Exactly reproduce the lines from the line containing "this 2212×1659 image." to the end of the data below, inclusive, and nothing else.

→ Source information

↓

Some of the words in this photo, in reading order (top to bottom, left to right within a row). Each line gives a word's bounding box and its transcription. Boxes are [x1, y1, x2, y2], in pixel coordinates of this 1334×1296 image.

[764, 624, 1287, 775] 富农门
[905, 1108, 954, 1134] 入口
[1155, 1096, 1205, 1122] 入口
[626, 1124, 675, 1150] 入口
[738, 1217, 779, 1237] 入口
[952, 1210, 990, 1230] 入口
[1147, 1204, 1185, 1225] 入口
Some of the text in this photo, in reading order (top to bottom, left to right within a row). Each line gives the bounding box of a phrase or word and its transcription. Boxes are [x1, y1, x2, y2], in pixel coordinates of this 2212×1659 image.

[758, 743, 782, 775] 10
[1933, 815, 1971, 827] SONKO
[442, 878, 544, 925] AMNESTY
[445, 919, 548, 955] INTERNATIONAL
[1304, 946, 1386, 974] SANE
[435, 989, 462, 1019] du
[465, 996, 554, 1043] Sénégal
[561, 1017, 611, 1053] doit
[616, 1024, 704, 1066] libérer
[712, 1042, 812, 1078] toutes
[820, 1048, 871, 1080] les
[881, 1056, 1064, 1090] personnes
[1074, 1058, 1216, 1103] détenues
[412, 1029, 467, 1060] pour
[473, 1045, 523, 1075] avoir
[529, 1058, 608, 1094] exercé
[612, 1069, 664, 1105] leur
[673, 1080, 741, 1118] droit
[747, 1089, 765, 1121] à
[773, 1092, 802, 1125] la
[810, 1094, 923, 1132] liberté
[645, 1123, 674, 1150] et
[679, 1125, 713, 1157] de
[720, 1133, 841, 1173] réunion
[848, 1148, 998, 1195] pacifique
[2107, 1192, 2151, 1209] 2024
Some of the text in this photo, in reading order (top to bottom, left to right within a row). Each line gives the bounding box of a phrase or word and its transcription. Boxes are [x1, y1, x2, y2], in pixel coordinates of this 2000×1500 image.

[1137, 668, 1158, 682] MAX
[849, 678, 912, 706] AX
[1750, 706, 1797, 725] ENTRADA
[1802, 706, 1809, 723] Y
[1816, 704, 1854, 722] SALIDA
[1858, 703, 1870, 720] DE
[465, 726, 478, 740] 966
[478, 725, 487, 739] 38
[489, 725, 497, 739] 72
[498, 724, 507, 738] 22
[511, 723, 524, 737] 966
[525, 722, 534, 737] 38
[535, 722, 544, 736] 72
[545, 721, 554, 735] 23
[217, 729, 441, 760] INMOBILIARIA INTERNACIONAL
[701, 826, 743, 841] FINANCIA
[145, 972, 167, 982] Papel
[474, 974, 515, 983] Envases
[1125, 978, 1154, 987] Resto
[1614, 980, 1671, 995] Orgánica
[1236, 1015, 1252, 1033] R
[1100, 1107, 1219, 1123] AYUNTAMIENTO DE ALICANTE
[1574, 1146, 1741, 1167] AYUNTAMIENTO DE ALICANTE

↑

→ Result below
Some of the text in this photo, in reading order (top to bottom, left to right within a row). Each line gives the bounding box of a phrase or word and its transcription. Boxes are [x1, y1, x2, y2], in pixel coordinates of this 2212×1659 image.

[758, 743, 782, 775] 10
[1933, 815, 1971, 827] SONKO
[442, 878, 544, 925] AMNESTY
[445, 919, 548, 955] INTERNATIONAL
[1304, 946, 1386, 974] SANE
[435, 989, 462, 1019] du
[465, 996, 554, 1043] Sénégal
[561, 1017, 611, 1053] doit
[616, 1024, 704, 1066] libérer
[712, 1042, 812, 1078] toutes
[820, 1048, 871, 1080] les
[881, 1056, 1064, 1090] personnes
[1074, 1058, 1216, 1103] détenues
[412, 1029, 467, 1060] pour
[473, 1045, 523, 1075] avoir
[529, 1058, 608, 1094] exercé
[612, 1069, 664, 1105] leur
[673, 1080, 741, 1118] droit
[747, 1089, 765, 1121] à
[773, 1092, 802, 1125] la
[810, 1094, 923, 1132] liberté
[645, 1123, 674, 1150] et
[679, 1125, 713, 1157] de
[720, 1133, 841, 1173] réunion
[848, 1148, 998, 1195] pacifique
[2107, 1192, 2151, 1209] 2024
Some of the text in this photo, in reading order (top to bottom, left to right within a row). Each line gives the bounding box of a phrase or word and its transcription. Boxes are [x1, y1, x2, y2], in pixel coordinates of this 2000×1500 image.

[1137, 668, 1158, 682] MAX
[849, 678, 912, 706] AX
[1750, 706, 1797, 725] ENTRADA
[1802, 706, 1809, 723] Y
[1816, 704, 1854, 722] SALIDA
[1858, 703, 1870, 720] DE
[465, 726, 478, 740] 966
[478, 725, 487, 739] 38
[489, 725, 497, 739] 72
[498, 724, 507, 738] 22
[511, 723, 524, 737] 966
[525, 722, 534, 737] 38
[535, 722, 544, 736] 72
[545, 721, 554, 735] 23
[217, 729, 441, 760] INMOBILIARIA INTERNACIONAL
[701, 826, 743, 841] FINANCIA
[145, 972, 167, 982] Papel
[474, 974, 515, 983] Envases
[1125, 978, 1154, 987] Resto
[1614, 980, 1671, 995] Orgánica
[1236, 1015, 1252, 1033] R
[1100, 1107, 1219, 1123] AYUNTAMIENTO DE ALICANTE
[1574, 1146, 1741, 1167] AYUNTAMIENTO DE ALICANTE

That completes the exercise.